The Theater of Reality
When I prepare to write about current astrological transits, I pay attention to what the immediate environment is displaying and make those impressions my baseline and guide. If you’re watchful, your habitat constantly flashes revelations. And because those moments are time/space bound (of which astrology is the grand clock), they can be considered relevant. But as of right now, not 1856.
I learned this skill from Arnold Mindell and his 24-hour dreaming approach. (In short, there is no difference between nocturnal and diurnal dreaming; we’re constantly immersed within a dream field, and Mindell’s work teaches you how to pay attention to that field for clues, hints, signs, winks, omens—whatever you want to call particles of prescience).1
While driving to coffee yesterday, I passed an SUV with two large Ukraine flags attached to the vehicle’s roof, one above each door, flapping wildly in the wind.
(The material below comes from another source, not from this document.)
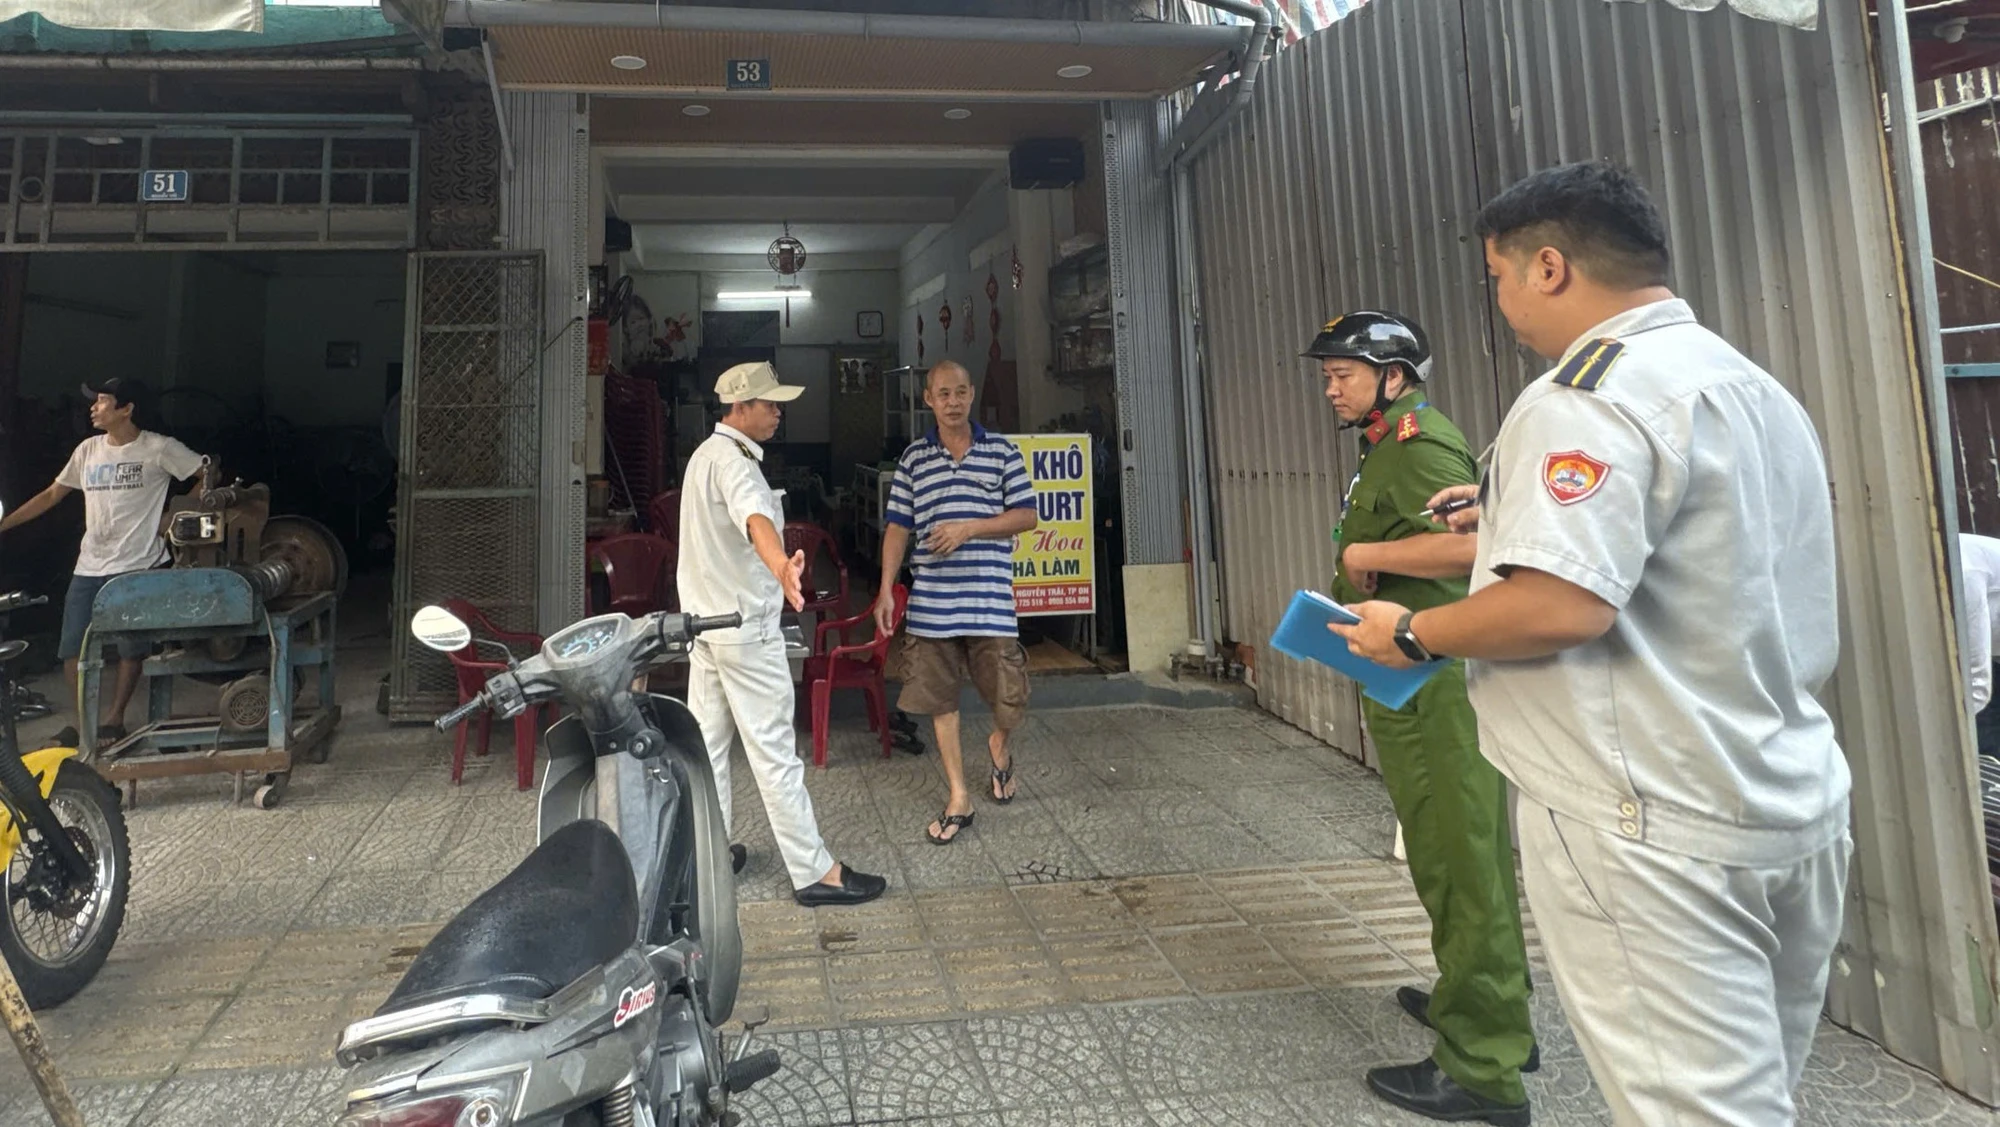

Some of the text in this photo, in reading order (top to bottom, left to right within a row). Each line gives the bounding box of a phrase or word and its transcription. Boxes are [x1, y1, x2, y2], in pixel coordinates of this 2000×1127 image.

I usually see similar displays when the Seahawks have a home game in Seattle, and then hundreds of blue and green flags dot the community.
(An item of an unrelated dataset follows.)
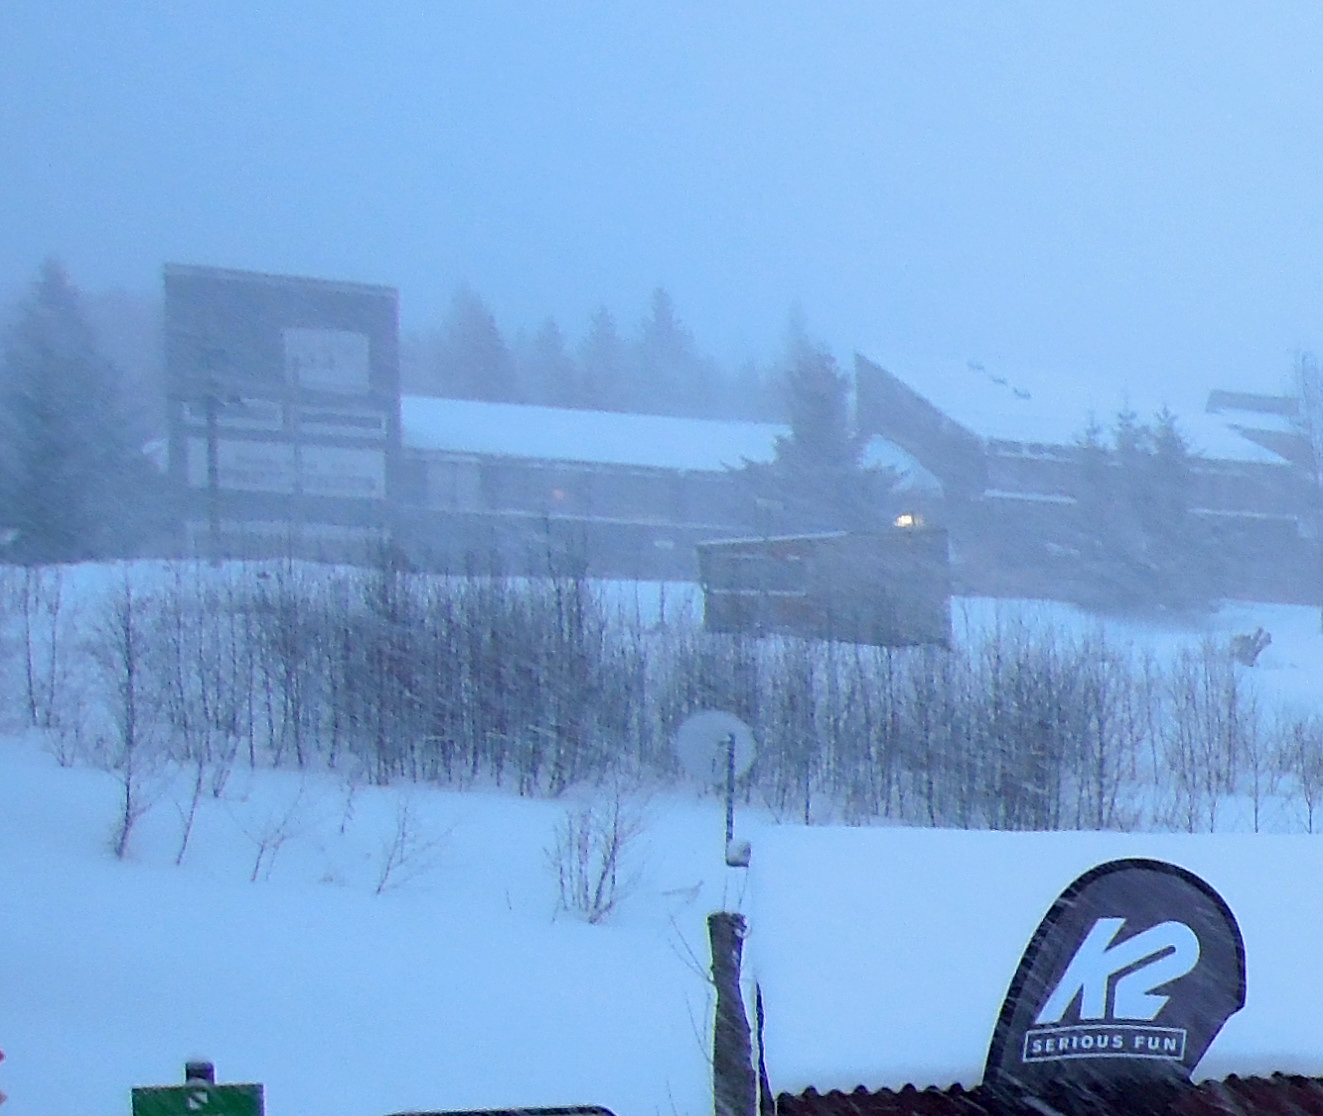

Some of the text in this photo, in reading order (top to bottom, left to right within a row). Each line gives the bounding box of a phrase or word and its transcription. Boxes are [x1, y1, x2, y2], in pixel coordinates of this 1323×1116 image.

[1035, 918, 1200, 1024] K2
[1031, 1035, 1177, 1053] SERIOUS FUN
Because I associate sports team mobs with mental illness, I instantly flashed on the all-pervasive and ongoing, US-self-admitted propaganda surrounding the madness of the war in Ukraine.
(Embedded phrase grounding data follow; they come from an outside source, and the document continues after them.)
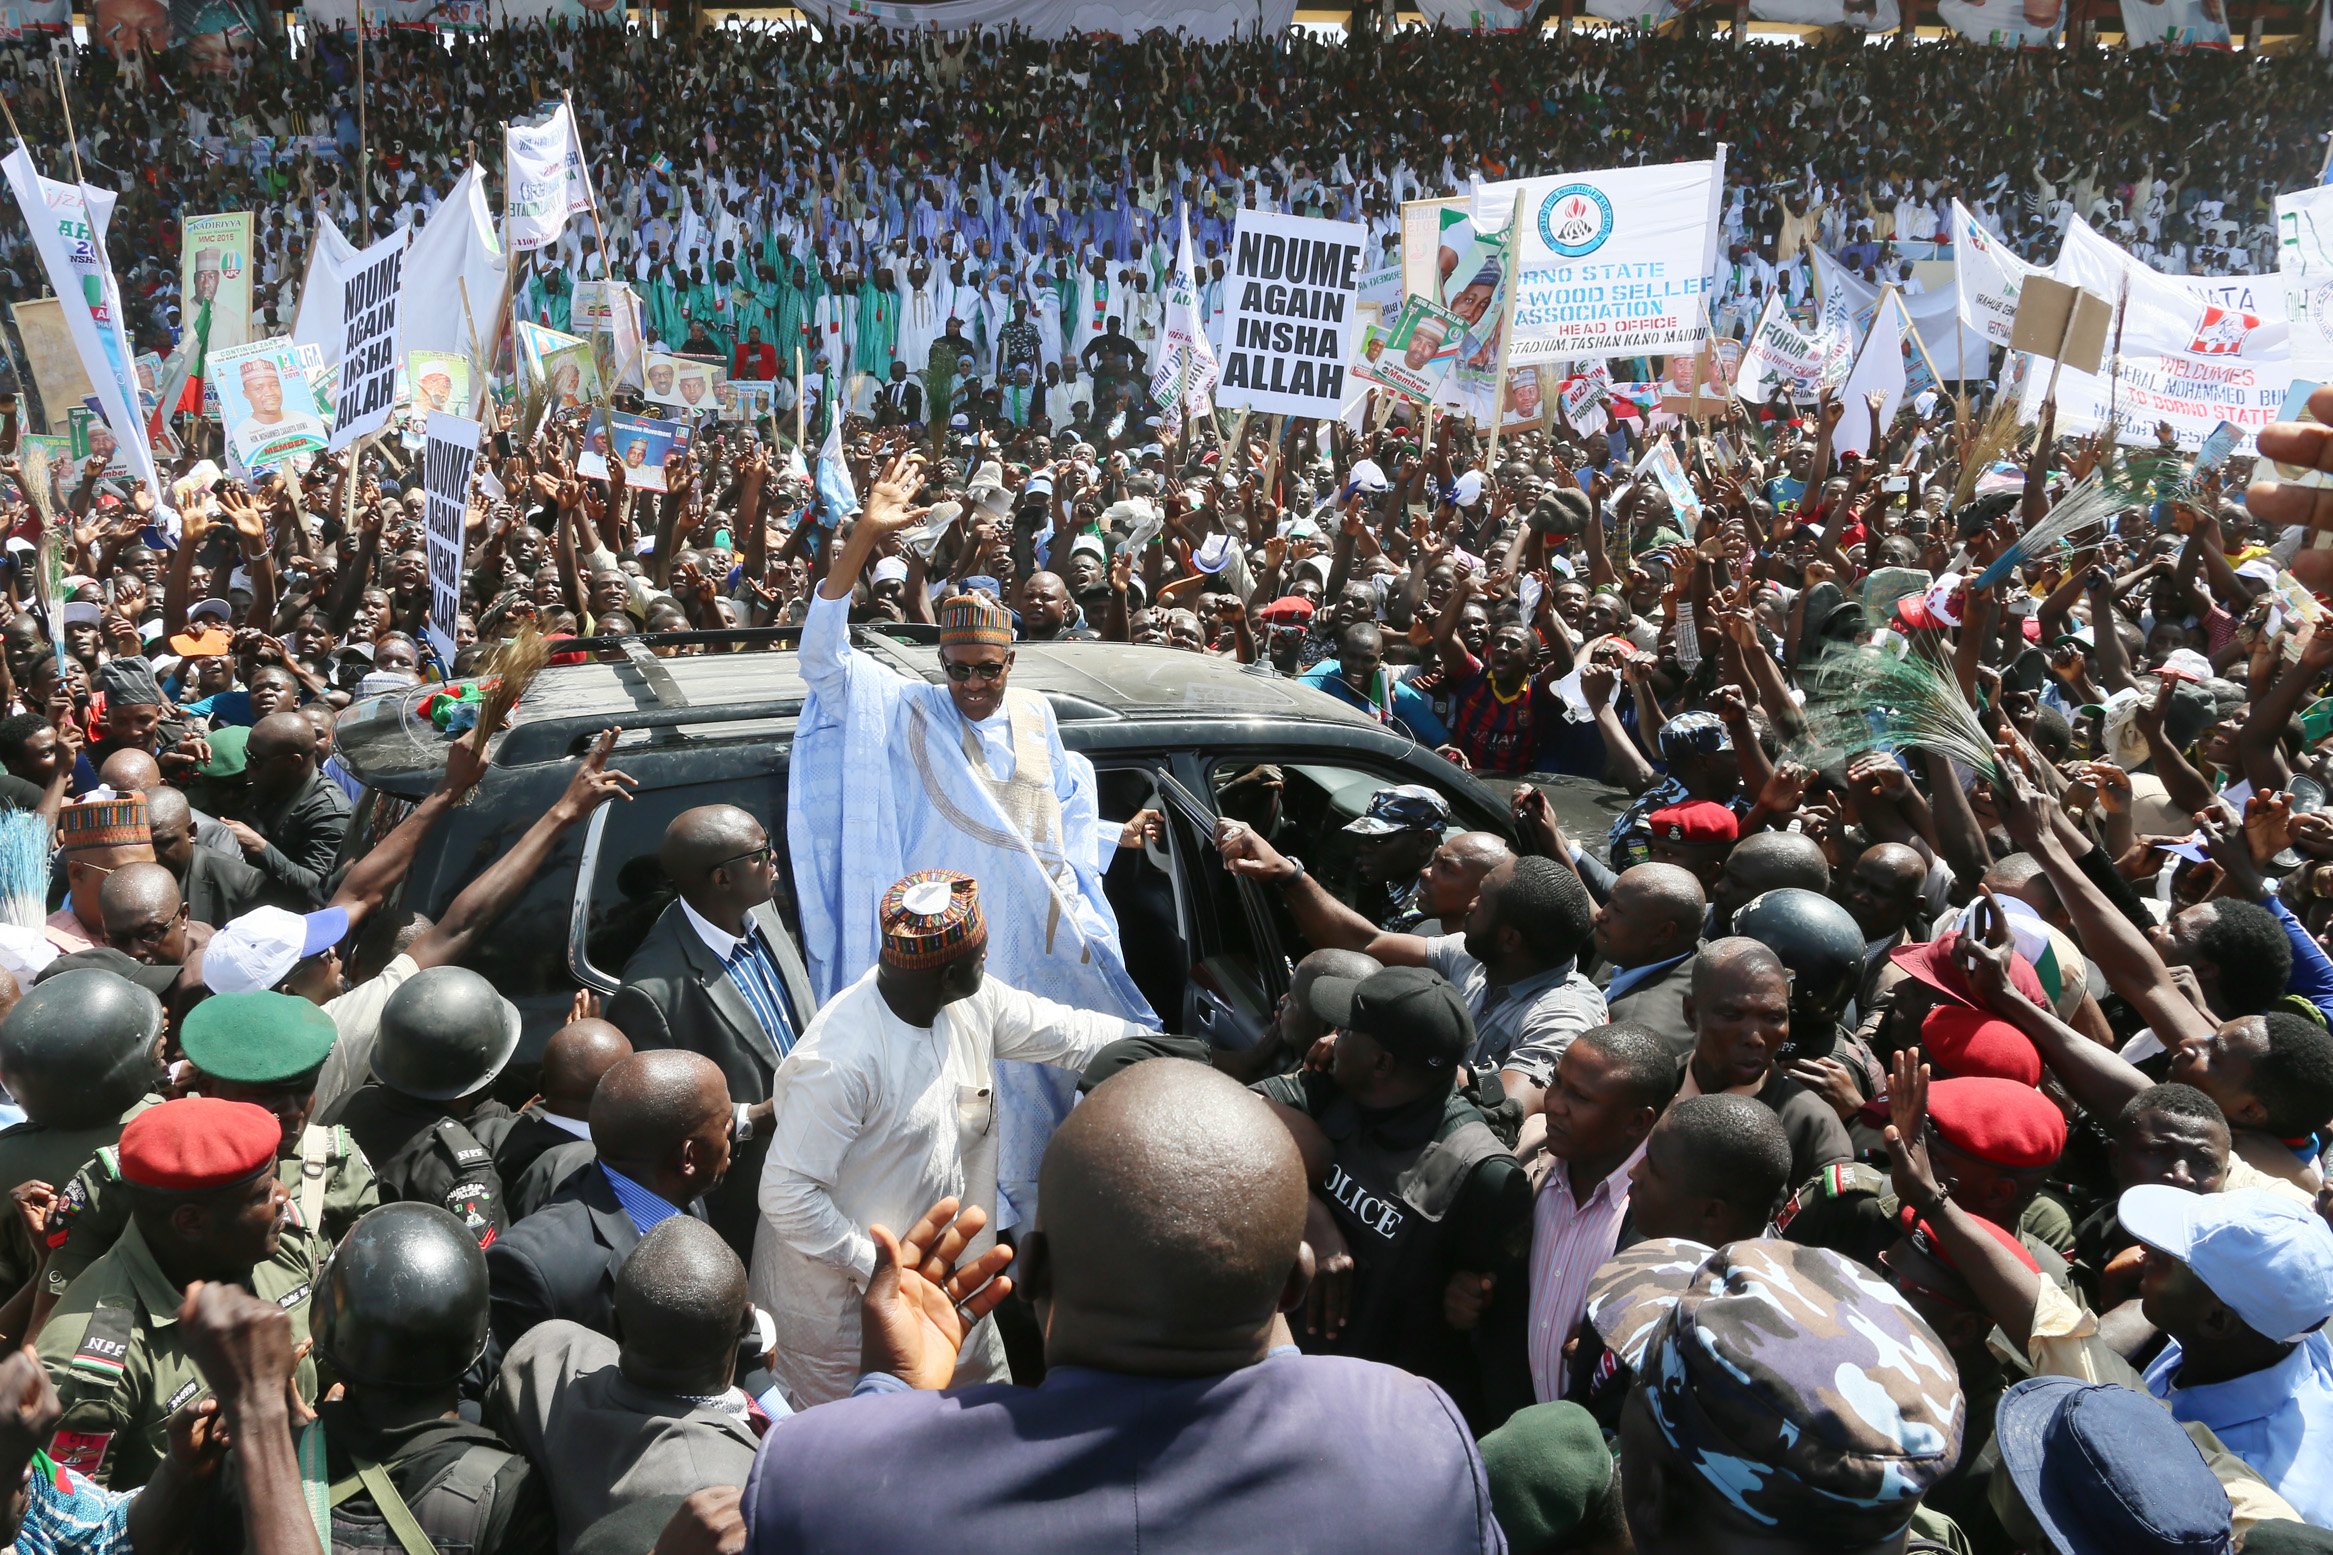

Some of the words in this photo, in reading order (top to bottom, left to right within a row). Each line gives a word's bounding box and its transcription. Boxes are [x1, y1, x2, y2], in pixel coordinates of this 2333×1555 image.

[193, 220, 241, 231] KADIRIYYA
[217, 233, 235, 242] 2015
[225, 270, 239, 278] APC
[1236, 231, 1360, 290] NDUME
[1582, 262, 1665, 281] STATE
[344, 247, 404, 324] NDUME
[1529, 286, 1605, 307] WOOD
[2187, 285, 2256, 312] NATA
[1240, 281, 1345, 323] AGAIN
[1414, 296, 1428, 308] 2015
[1445, 311, 1465, 327] ALLAH
[1514, 300, 1663, 327] ASSOCIATION
[345, 299, 395, 355] AGAIN
[1236, 318, 1338, 359] INSHA
[1559, 322, 1607, 336] HEAD
[1615, 316, 1677, 332] OFFICE
[1624, 332, 1660, 347] KANO
[220, 343, 259, 357] CONTINUE
[1750, 343, 1772, 361] HEAD
[1759, 321, 1810, 360] FORUM
[343, 336, 392, 391] INSHA
[1222, 352, 1344, 399] ALLAH
[2159, 354, 2256, 386] WELCOMES
[1387, 367, 1428, 393] Member
[2164, 378, 2245, 405] MOHAMMED
[2127, 387, 2147, 404] TO
[2153, 395, 2208, 418] BORNO
[2213, 407, 2276, 425] STATE
[643, 426, 672, 438] Movement
[264, 438, 308, 455] MEMBER
[426, 437, 474, 504] NDUME
[429, 497, 460, 546] AGAIN
[429, 539, 456, 590] INSHA
[1779, 1042, 1796, 1053] PF
[457, 1149, 483, 1161] NPF
[446, 1183, 486, 1201] NIGERIA
[84, 1336, 126, 1358] NPF
I’m not declaring that I have a clear understanding of all the facts or the complex history between Russia and Ukraine, but I’m certain the US is doing what all empires do: meddling and undermining to eventually become the overseer of a domain’s fate. To ensure unmitigated access to that country’s natural resources.
Neptunian and Piscean realities involve the unreal, or how the real is twisted and reframed. This can be a benign process. This is how the alchemy of the imagination works. But for those skilled in manufacturing distortion, the imagination can be revamped to promote obscuration and confusion. And when Jupiter—the giant publisher in the sky is involved—lots of misinformation.
Another big Jupiter/Neptune theme (especially as the merger happened in Pisces) relates to grand-scale expressions of compassion and sacrifice. But also the arising of martyrs and tyrants. Oh, and also religious fervor and mania. This planetary duo generates a sort of hyper manic, high octane atmospheric sensitivity. But how that plays out is up for grabs. And we’re certainly seeing this in the international response to the war in Ukraine. It’s like dozens of different versions of reality are struggling to assert the loudest clarion call.
I kept driving. Head scratching. And as I moved further down the road past the SUV, I couldn’t recall ever seeing a similar public exhibition for citizens from Iraq, Syria, Libya, Yemen, and Afghanistan. But then those folks are brown—so there’s that.
The most salient markers of this conjunction play into that shadow side of the Jupiter (broadcasting, disseminating) and Neptune (fantasy and mirage-making) conjunction: Again, propaganda. And how, similar to the aftermath of the 9/11 attacks in 2001, the neocons have been gifted with a shocked and awed response. An extreme effect to manipulate and finesse to serve martian aims. Collective compassion reworked to shore up greater arms construction and sales.
As culture critic Gary Indiana wrote in Utopia’s Debris, shortly after sundry ‘conspiracies’ were challenged by the media after the 9/11 fires quelled:
“Our mass media, its ownership consolidated among a handful or billionaires whose interests are identical with those of corporate cronies (globalized "free trade" for the wealthy nations, peonage for the third world, Chomsky’s ‘manufacture of consent' via a constant torrent of propaganda for the status quo), reflexively dismiss the most obvious or credible explanations for ugly phenomena as the perfervid fantasy of “conspiracy cranks” for instance, the idea that successive “preemptive” wars might be launched against demonized enemies in order to award reconstruction contracts to corporations formerly helmed by, say, the vice president of the United States and other exalted government employees, or that the strategic purpose of one such war might be the economic colonization of former Soviet republics rich in oil and mineral resources, and to guarantee a secure pipeline for the exploitation of said resources.”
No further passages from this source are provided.